2.ハラジュクの店
シブヤとシンジュクの間にあるハラジュクは、大きな神社と神聖なる森を抱えながら、多種多様なカルチャーが渦巻く場所でもあった。ランドマークとして作られたワイヤータワーは、訪れる者が書いた願い事のリボンを大量にその体に抱えている。他愛もない夢から壮大な夢までが一緒くたにされて風になびくさまは、少々滑稽でもあった。
ハラジュクを歩く者の殆どは、派手な色の服や靴で体を着飾る。それこそがドレスコードだと言わんばかりの堂々たる態度は、普通の服装の者を委縮させるだけの勢いを持っていた。
そんな人通りの中、青いローブを着たアンドロイドが横切る。シズマはそれを何となく目で追いかけて、しかしすぐに視線を逸らした。
「ハラジュクなんて場所に店を構えるなんて、随分な自信家か阿呆だな」
流行の最先端を行く街と言われているハラジュクは、一見すると店舗を出しやすいように思える。だが、流行にすらならずに消えていくものも多くあり、先見の明がない者が店を出したところで、数ヶ月で撤退することはザラにあった。
色の濁流の中を進んでいくと、予め伝えられていた目印が目に留まった。
古くからそこに居を構えるドラッグストアで、周囲の華やかな軒先に比べると、いつ朽ちてもおかしくないような装いをしている。中を覗き込むと、品の良い女性が紙袋に入った何かを抱えて、大金を支払っている様子が見えた。
「何の薬を売ってるやら」
そう呟きながら角を曲がり、細い路地へ入る。
人が二人並べば殆ど占拠出来そうなほどに狭い道だが、その左右には細長いガレージが軒を連ねている。アクセサリーや天然石などを所せましと並べ、その間に窮屈そうに店員が立って愛想を振りまいていた。こんな狭い店でも、恐らく賃貸料は高い。そのくせ、儲かる保証はどこにもない。

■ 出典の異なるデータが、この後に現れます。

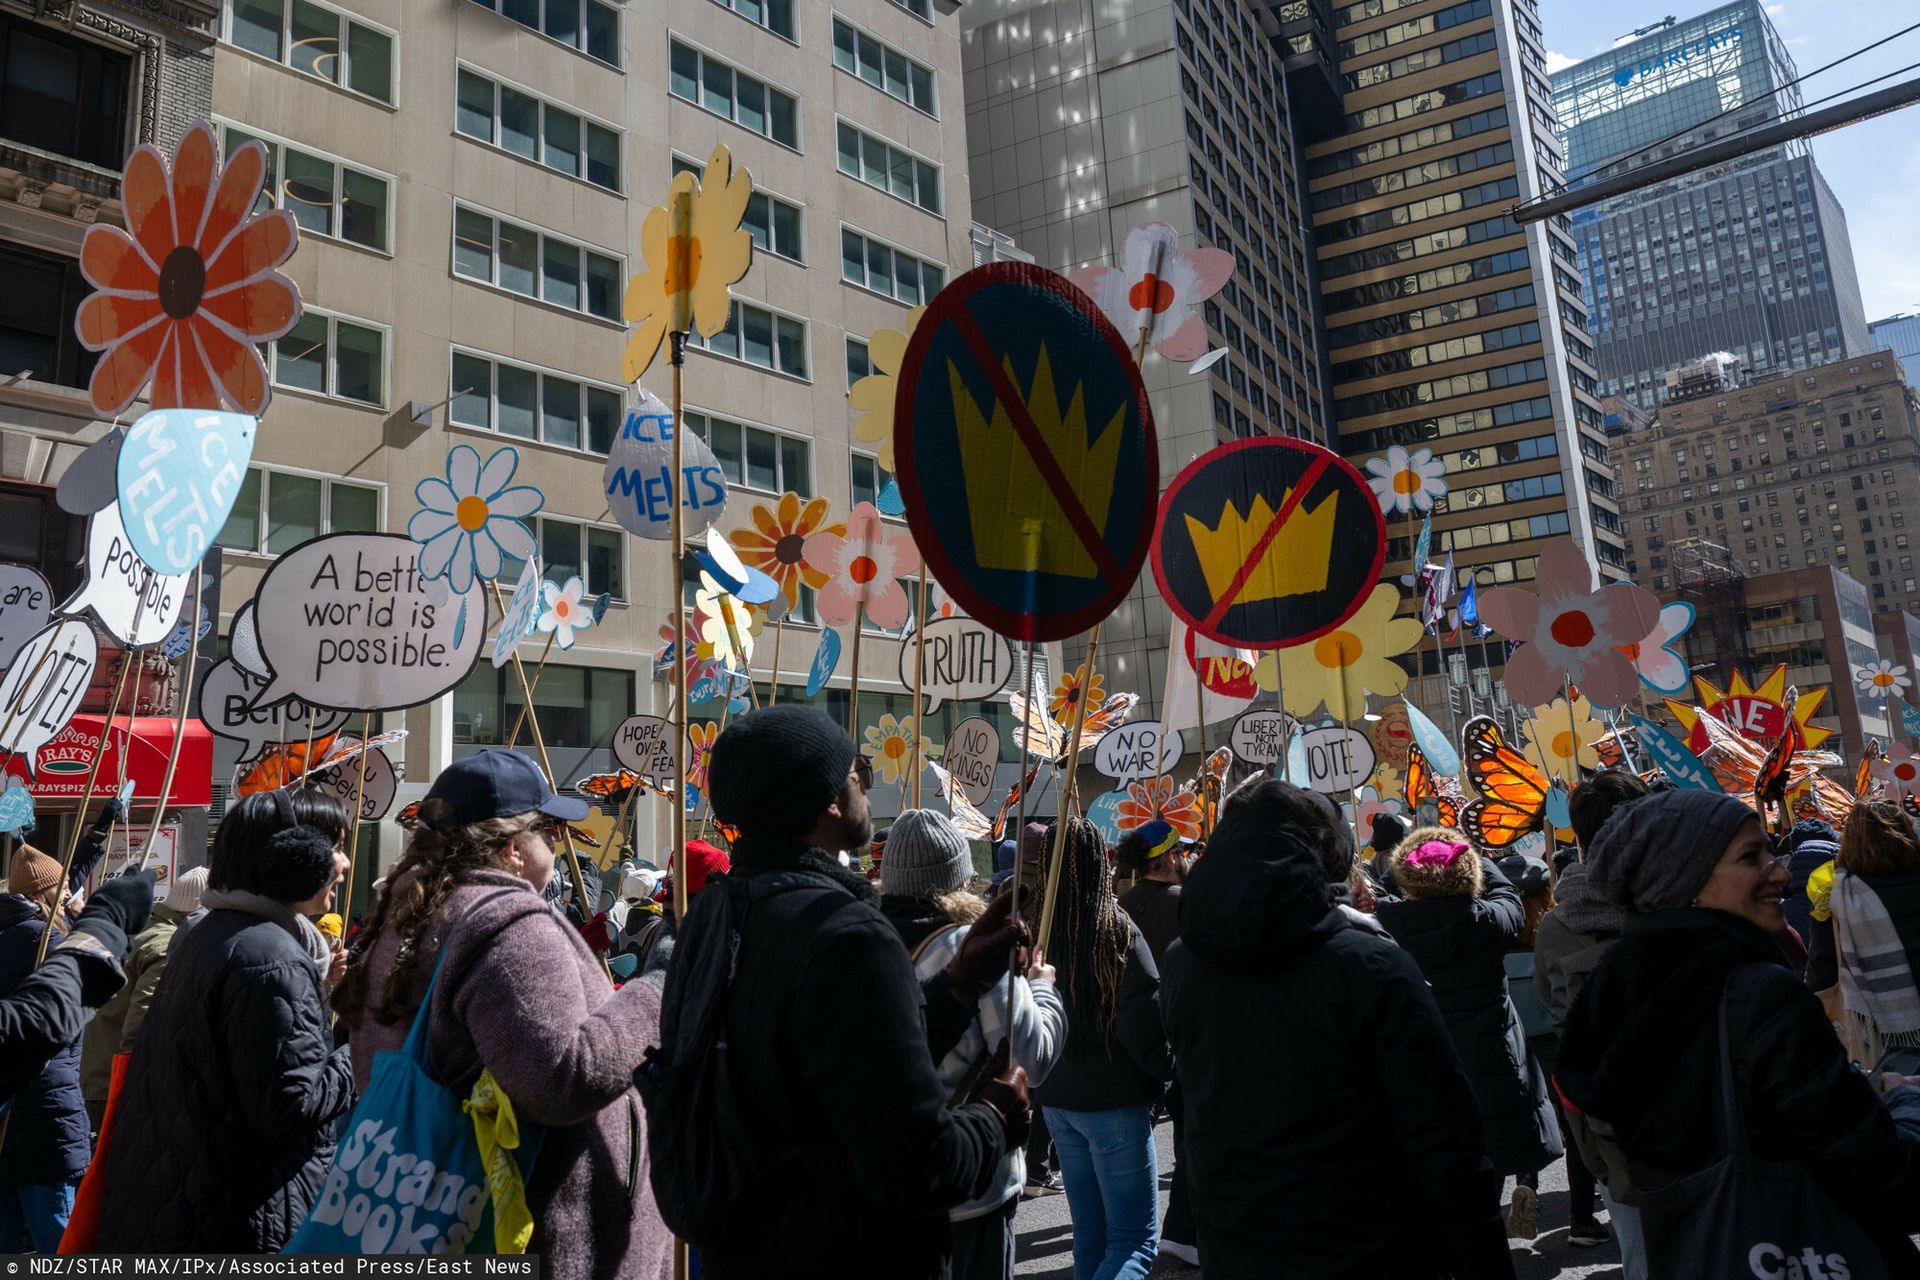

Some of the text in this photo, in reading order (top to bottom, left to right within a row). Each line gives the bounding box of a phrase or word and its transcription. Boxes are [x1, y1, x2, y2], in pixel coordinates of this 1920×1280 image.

[1639, 26, 1745, 78] BARCLAYS
[623, 413, 674, 443] ICE
[194, 415, 240, 508] ICE
[125, 414, 209, 568] MELTS
[607, 465, 726, 522] MELTS
[101, 536, 171, 624] possble
[310, 554, 340, 590] A
[304, 596, 436, 629] world is
[314, 631, 451, 682] possible.
[911, 630, 997, 686] TRUTH
[622, 724, 660, 744] HOPE
[963, 728, 989, 754] NO
[1116, 730, 1157, 751] NO
[1241, 719, 1295, 736] LIBERTY
[1255, 735, 1278, 745] NOT
[43, 747, 93, 763] RAY'S
[635, 740, 669, 756] OVER
[651, 756, 675, 772] FEA
[1242, 742, 1284, 757] TYRAN
[945, 753, 992, 788] KINGS
[339, 1118, 491, 1232] Strand
[309, 1164, 476, 1254] Books
[1748, 1242, 1852, 1280] Cats

シズマは思わずうんざりとした気分になりながら、出来るだけ左右を見ないように道を進む。幸いにして届け先は此処のどこかではなかった。
細い道はすぐに終わり、少し開けた場所に出る。
円形広場を取り囲むように小さなビルが並び、それぞれが店の看板を掲げていた。今シズマが来た道の他に、此処に来るルートは見当たらない。それにも関わらずどの店にも客が一定量入っており、人気のスポットのようだった。
「えーっと……『雫』って店だったな」
シズマは周囲を見回し、その看板の一つ一つに目を凝らす。色も形も様々な中から目的のものを見つけると、今度は思わず口を半開きにした。
「マジか」
視線の先には空色の小さなビルがあった。水滴をモチーフにした看板を掲げ、入口には「あなただけの雫を作ります」と掛かれたブラックボードが置かれている。
狭い店内からは女性達の弾んだ声が聞こえていた。
香水ショップだと気付いたシズマは、思わず尻込みをする。
怖い物知らずの殺し屋であれど、女性向けの店というのは得体の知れぬ恐ろしさがある。まだ子供だった頃に、ほんの出来心で入ってみたランジェリーショップで浴びた冷たい目線をシズマは覚えていた。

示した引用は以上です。